* The problem *
Restate the following records word for word without images.

* The input *
- - -
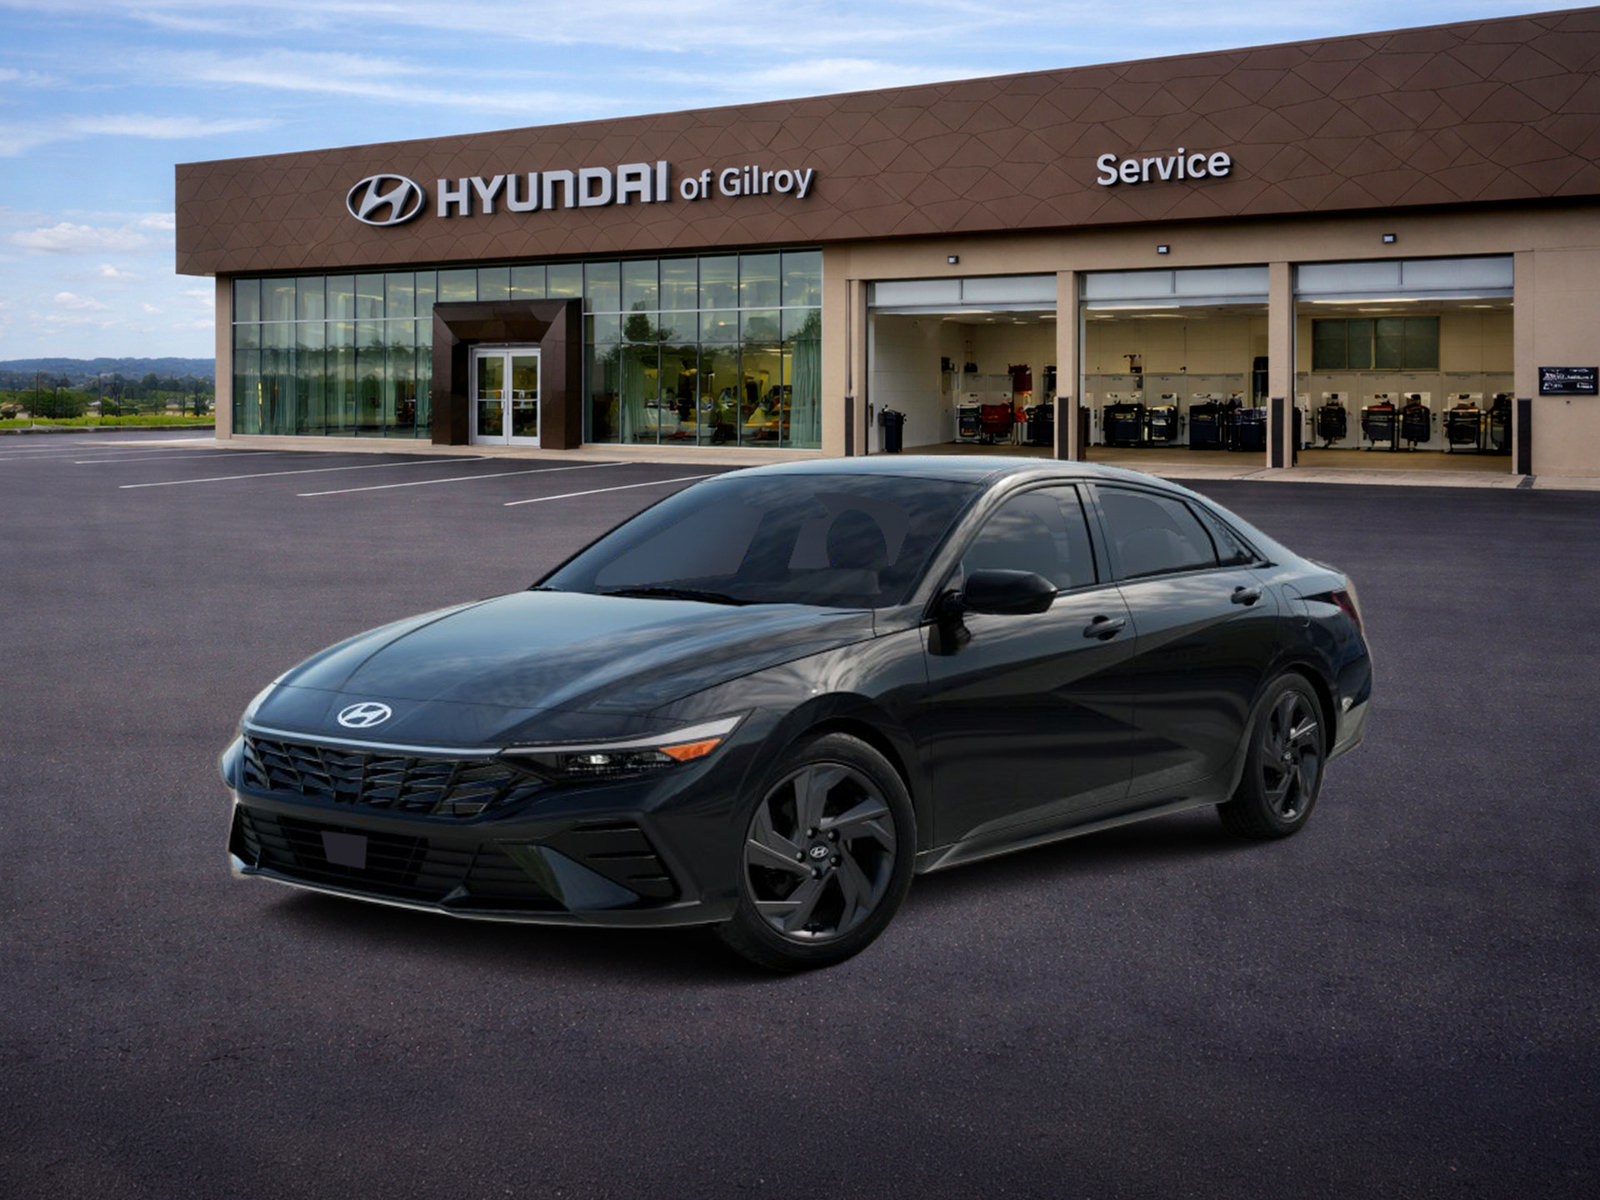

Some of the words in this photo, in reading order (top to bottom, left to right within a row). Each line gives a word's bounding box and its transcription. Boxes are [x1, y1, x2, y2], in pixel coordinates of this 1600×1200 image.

[436, 160, 671, 218] HYUNDAI
[679, 169, 712, 201] of
[718, 165, 814, 199] Gilroy
[1096, 147, 1232, 186] Service
- - -
* Response *
Some of the words in this photo, in reading order (top to bottom, left to right within a row). Each line gives a word's bounding box and its transcription. Boxes are [x1, y1, x2, y2], in pixel coordinates of this 1600×1200 image.

[436, 160, 671, 218] HYUNDAI
[679, 169, 712, 201] of
[718, 165, 814, 199] Gilroy
[1096, 147, 1232, 186] Service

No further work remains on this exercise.